No Mayor, check. No Alexa The Rubberneck Giraffe, check check. That meddling Phoebe is nowhere to be found. Milford Motors masterfully marketing used modes of transportation since 1958. Pretty savvy, having a bonfire next to your inventory to ignite the town for the upcoming football season.
Johnny Q Premium Member over 3 years ago
“What do they do for the volleyball team?” They have a panty raid.
TheBrownStarfish over 3 years ago
P1, I wonder who the rank amateur is who’s trying badly to steal Sign Man’s thunder?
P2, Stays home.
P3, No, I mean the guy she’s with.
Charks over 3 years ago
P4: Hi beautiful. Come here often?
jslabotnik over 3 years ago
For the volleyball team, after the fire, we go out and loot the Min-i-Mart
Bluedarter over 3 years ago
Sign man letting us know MIMI GETS HIGH.
Mr Reality over 3 years ago
In all reality , Do you throw anyone into the bonfire , Becca ? No, well that sucks , maybe we can fix that and start a new tradition !
twainreader over 3 years ago
Does anyone think taking the traumatized daughter of an Arsonist to a Bonfire is a really good idea?
twainreader over 3 years ago
P-3: Product placement award: The Bonfire is being held at an Auto Dealership
artegal over 3 years ago
Holy crap, that’s some awful exposition.
hifirick1953 over 3 years ago
Is that Tru in the stands asking who that girl is?
Irish53 over 3 years ago
Oh brother….now this guy in P3 is gonna have a thing for stumpy, boy-hair Corina
bearwku82 over 3 years ago
No Mayor, check. No Alexa The Rubberneck Giraffe, check check. That meddling Phoebe is nowhere to be found. Milford Motors masterfully marketing used modes of transportation since 1958. Pretty savvy, having a bonfire next to your inventory to ignite the town for the upcoming football season.
Bluedarter over 3 years ago
Irish53 over 3 years ago
It would be super if they wrote her out of the story
Sign Man over 3 years ago
Ah, my favorite time of year when I get to clean out my inventory!
Mopman over 3 years ago
Come on! We’ve been waiting all year for the bonfire, and now that it’s here, where’s the damn fire? BOOOOOOOOOOO!
And speaking of fire, I was able to fire off today’s issue of Mopped Up Thorp this afternoon. Enjoy.

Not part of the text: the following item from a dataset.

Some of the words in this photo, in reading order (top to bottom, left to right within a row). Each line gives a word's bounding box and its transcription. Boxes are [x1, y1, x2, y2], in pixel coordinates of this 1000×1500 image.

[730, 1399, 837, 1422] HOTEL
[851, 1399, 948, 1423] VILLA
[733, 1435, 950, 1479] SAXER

https://moppedupthorp.wordpress.com/
twainreader over 3 years ago
P-4: Who’s that who says who’s that when I say who’s that? (ah, Vaudeville, ah Burlesque)

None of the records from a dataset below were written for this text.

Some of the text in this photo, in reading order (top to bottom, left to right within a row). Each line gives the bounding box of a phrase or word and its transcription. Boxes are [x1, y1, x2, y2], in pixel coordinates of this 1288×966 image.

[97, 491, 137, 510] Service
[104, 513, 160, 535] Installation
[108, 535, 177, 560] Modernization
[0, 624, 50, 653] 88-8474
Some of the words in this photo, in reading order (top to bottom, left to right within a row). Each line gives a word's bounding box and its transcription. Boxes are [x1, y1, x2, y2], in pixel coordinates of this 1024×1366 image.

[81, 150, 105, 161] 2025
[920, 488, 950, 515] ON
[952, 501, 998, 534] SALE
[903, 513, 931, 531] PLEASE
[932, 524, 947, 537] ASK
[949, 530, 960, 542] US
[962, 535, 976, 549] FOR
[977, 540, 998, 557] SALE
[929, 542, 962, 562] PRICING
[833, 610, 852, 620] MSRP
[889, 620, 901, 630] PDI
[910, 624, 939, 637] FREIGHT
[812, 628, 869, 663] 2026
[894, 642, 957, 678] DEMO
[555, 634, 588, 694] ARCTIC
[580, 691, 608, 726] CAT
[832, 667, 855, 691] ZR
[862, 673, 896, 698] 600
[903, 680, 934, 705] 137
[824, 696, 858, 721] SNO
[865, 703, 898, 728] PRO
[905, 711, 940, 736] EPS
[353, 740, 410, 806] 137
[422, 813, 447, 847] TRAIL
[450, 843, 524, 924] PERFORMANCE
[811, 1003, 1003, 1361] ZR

ranelson43 over 3 years ago
No – the one TALKIN’ to Becca.
Snarker formerly known as Rube Whigham over 3 years ago
Guy in panel one flashing Milford gang sign: “We’re number two [in the Valley]!”
tcar-1 over 3 years ago
Look. Right in the near center of panel one! It’s Matthew Fisher. Original organist for Procol Harum.